Exercise » The data follows this line. Copy verbatim the line with "this 1920×1440 image." and each line after it to the end.

Saved data entries
BEGIN
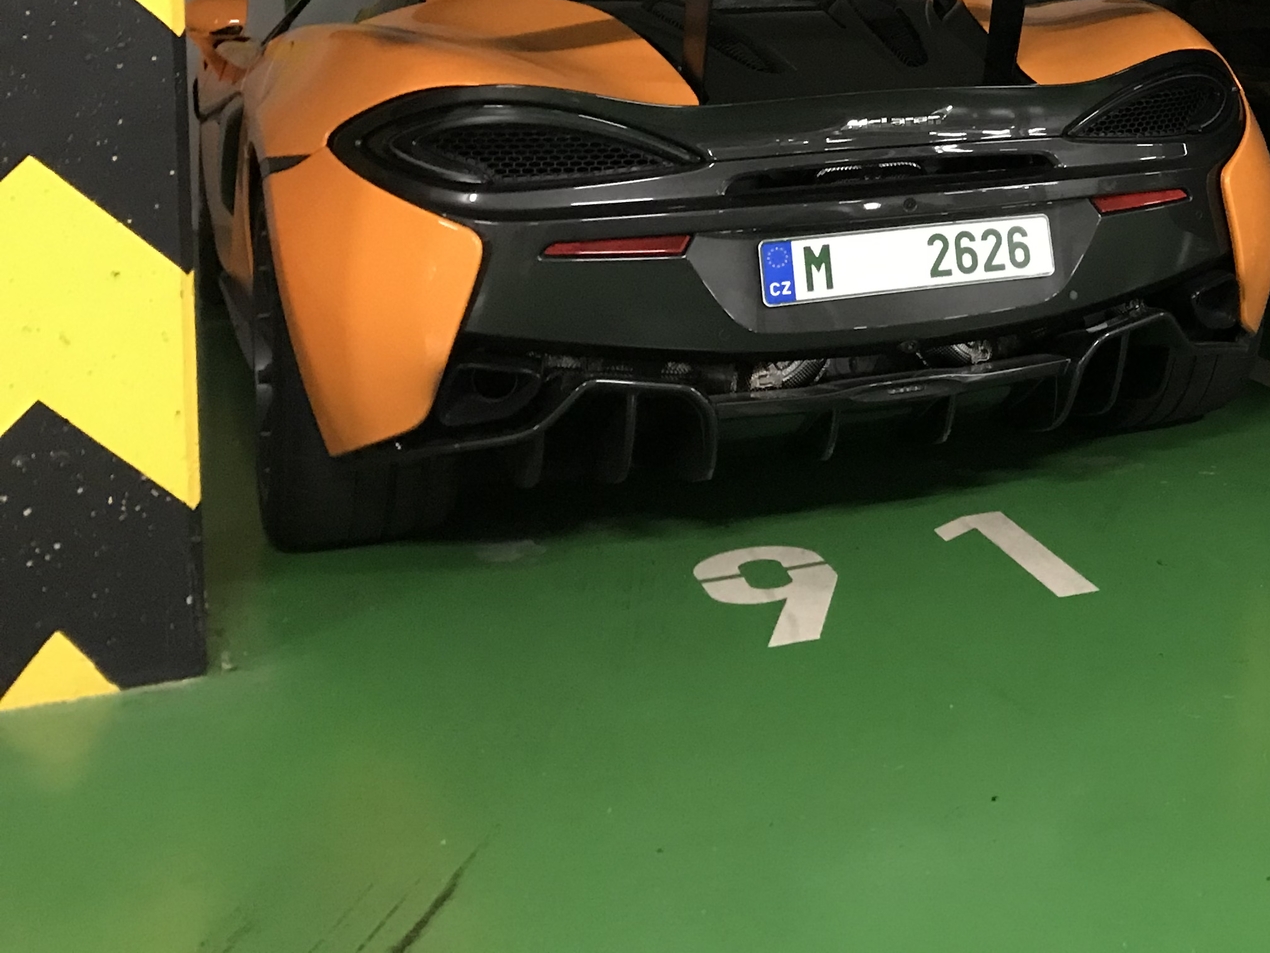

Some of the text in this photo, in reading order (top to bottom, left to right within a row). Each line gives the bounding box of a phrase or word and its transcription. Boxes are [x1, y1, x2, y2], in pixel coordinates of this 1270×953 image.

[803, 226, 1031, 293] M 2626
[769, 280, 792, 297] CZ
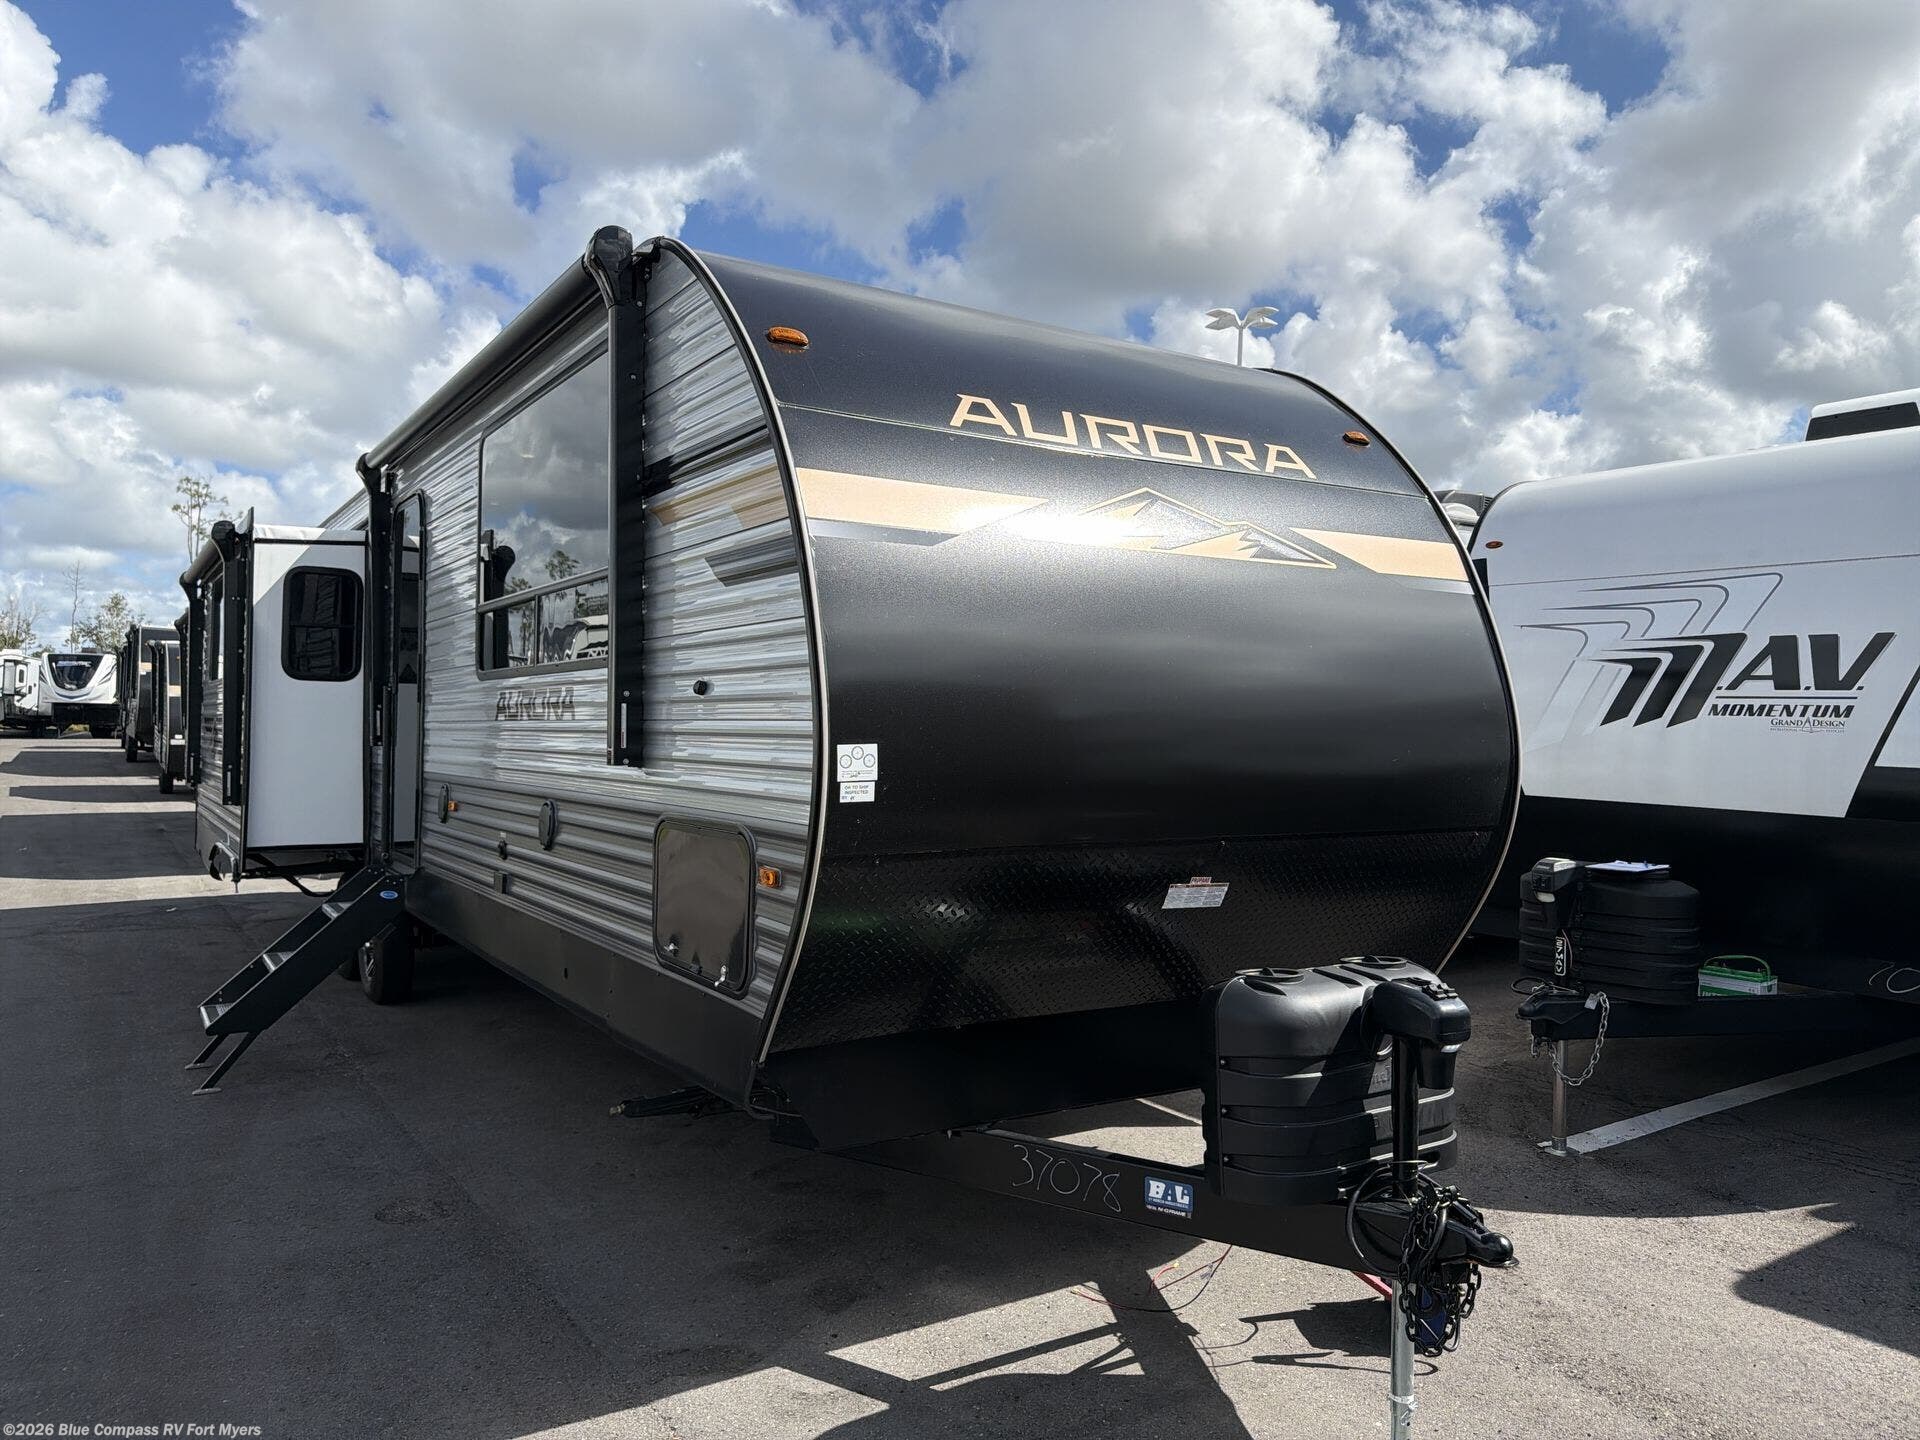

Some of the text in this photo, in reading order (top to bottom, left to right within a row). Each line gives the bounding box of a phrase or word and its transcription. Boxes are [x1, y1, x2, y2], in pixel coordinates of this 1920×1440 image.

[949, 393, 1318, 480] AURORA
[495, 686, 576, 721] AURORA
[1707, 703, 1855, 718] MOMENTUM
[1012, 1144, 1122, 1213] 37078
[1148, 1180, 1190, 1205] BAL
END
Response »
Some of the text in this photo, in reading order (top to bottom, left to right within a row). Each line gives the bounding box of a phrase or word and its transcription. Boxes are [x1, y1, x2, y2], in pixel coordinates of this 1920×1440 image.

[949, 393, 1318, 480] AURORA
[495, 686, 576, 721] AURORA
[1707, 703, 1855, 718] MOMENTUM
[1012, 1144, 1122, 1213] 37078
[1148, 1180, 1190, 1205] BAL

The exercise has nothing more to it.